O post que está sendo publicado agora se origina da por diversas questões que mais uma vez colocam as histórias em quadrinhos em discussão cultural.
Uma vez que o Impulso HQ sempre mantém espaço aberto para o debate de ideias, não poderíamos ficar omissos ao envio de duas cartas de dois membros do Observatório de Quadrinhos da USP, que foram enviadas ao jornalista Gilberto Dimenstein.
Mas antes das cartas vamos situar você leitor:
Está no Congresso Nacional um projeto chamado Vale-Cultura, que favorece aos que não tem acesso à cultura com uma bonificação, assim toda vez que você consome cultura seria “reembolsado”.
A questão colocada e que gerou discussão entre alguns senadores é: o que poderia ser classificado como cultura?
Em seu primeiro formato o projeto não considerava revistas, jornais e histórias em quadrinhos bens culturais, até que uma emenda foi aprovada para se inserir esses produtos, e ai entra Dimenstein.
Gilberto Dimenstein é jornalista da FOLHA DE SÃO PAULO, e após saber dessa aprovação publicou um texto expondo sua opinião e que gerou uma manifestação virtual (blogs e twitter).
Em seu texto “Mulher pelada é cultura?” publicado no dia 3 de dezembro de 2009, ao criticar o projeto do governo do Vale-Cultura, Dimenstein acabou por desconsiderar os “gibis” desvalorizando seu potencial cultural.

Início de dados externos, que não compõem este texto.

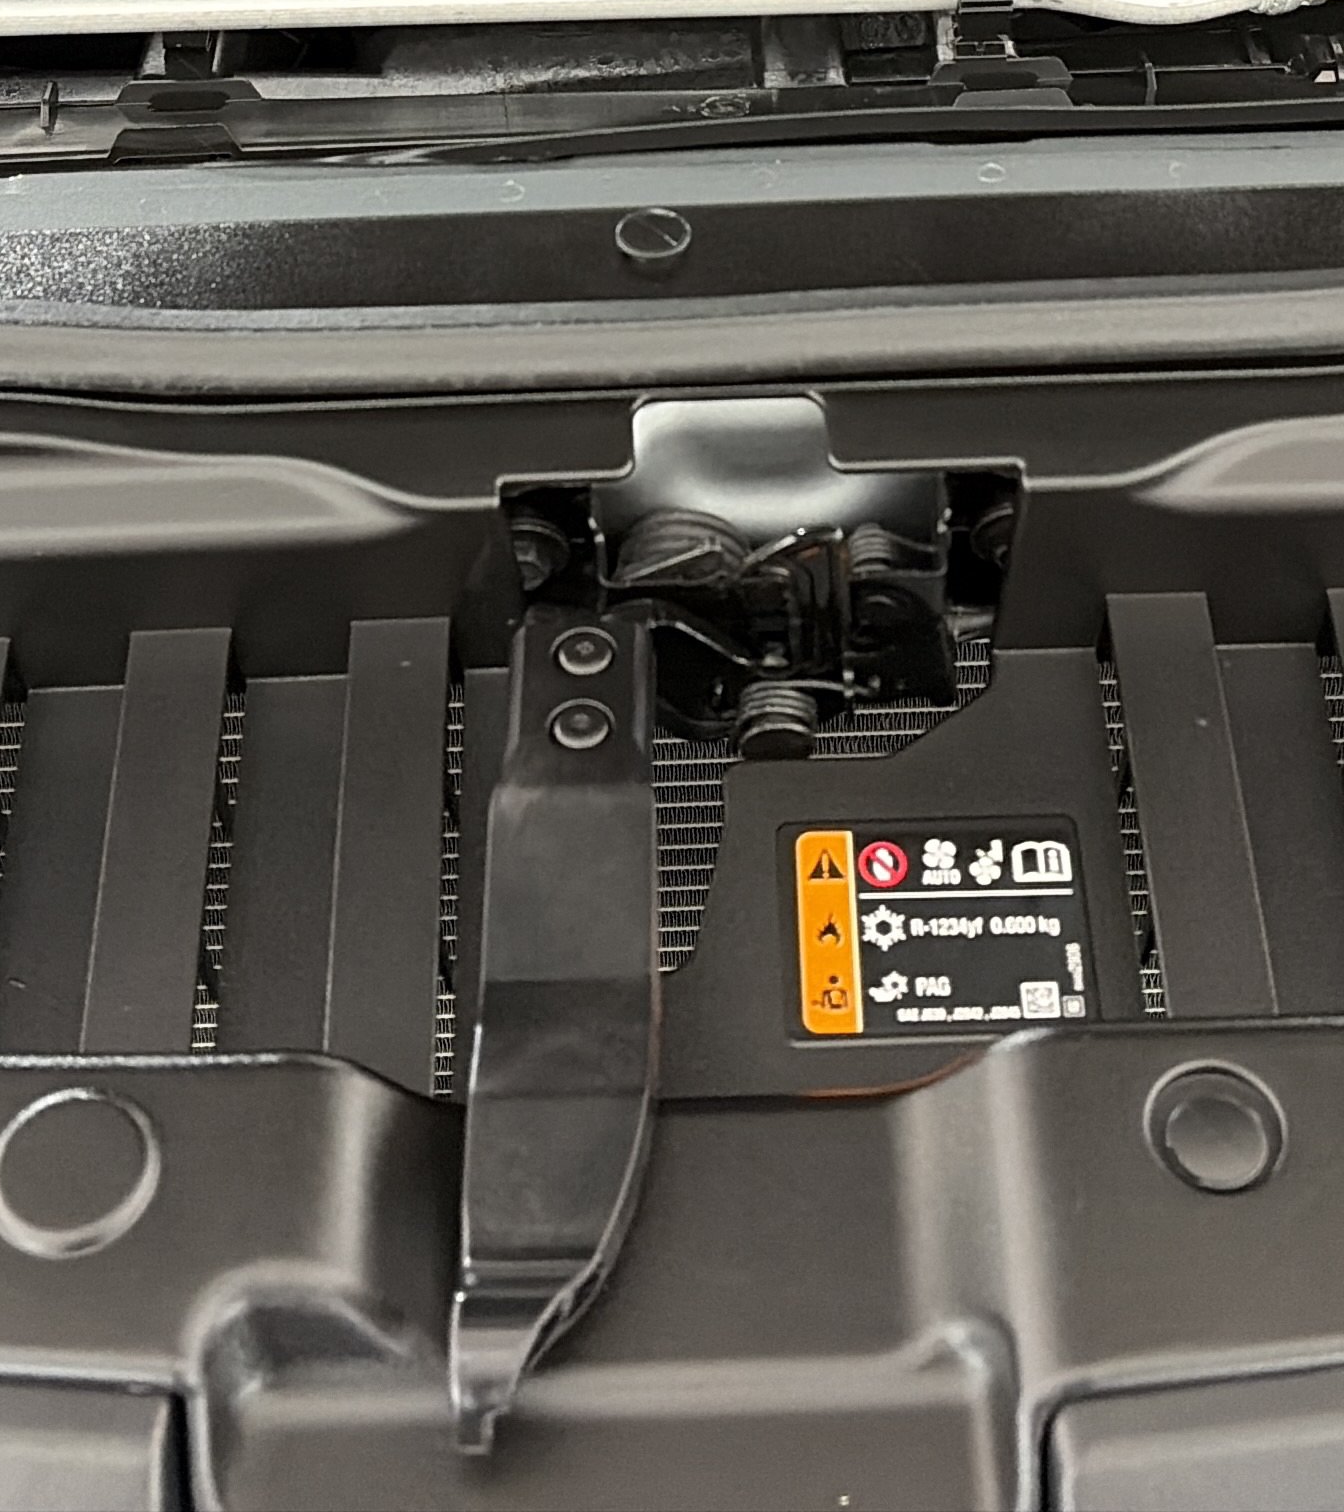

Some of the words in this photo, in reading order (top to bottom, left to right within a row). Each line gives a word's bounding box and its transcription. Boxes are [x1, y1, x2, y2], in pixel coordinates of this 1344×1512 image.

A matéria que também deprecia as revistas de histórias em quadrinhos e põe em xeque seu valor cultural pode ser lida aqui.
E agora chegamos nas cartas. Para quem não sabe em São Paulo existe o Observatório de Quadrinhos (ECA-USP), coordenado pelo professor Waldomiro Vergueiro, onde estudiosos sobre histórias em quadrinhos se reúnem, discutem sobre textos relacionados ao assunto, elaboram teses acadêmicas, escrevem artigos e etc.
Gazy Andraus e Célio Ishikawa, dois integrantes do Observatório, acharam por bem manifestarem as suas opiniões contra a postura de Dimenstein e enviaram para o Impulso HQ as cópias das cartas que foram enviadas via e-mail para o jornalista, para lembrá-lo que existe profissionais e pesquisadores da área de histórias em quadrinhos.
As cartas não receberam qualquer resposta ou contato do jornalista. O Impulso HQ tentou entrar em contato com o jornalista Gilberto Dimenstein sobre o caso das cartas e sua real posição sobre histórias em quadrinhos, mas infelizmente não houve resposta.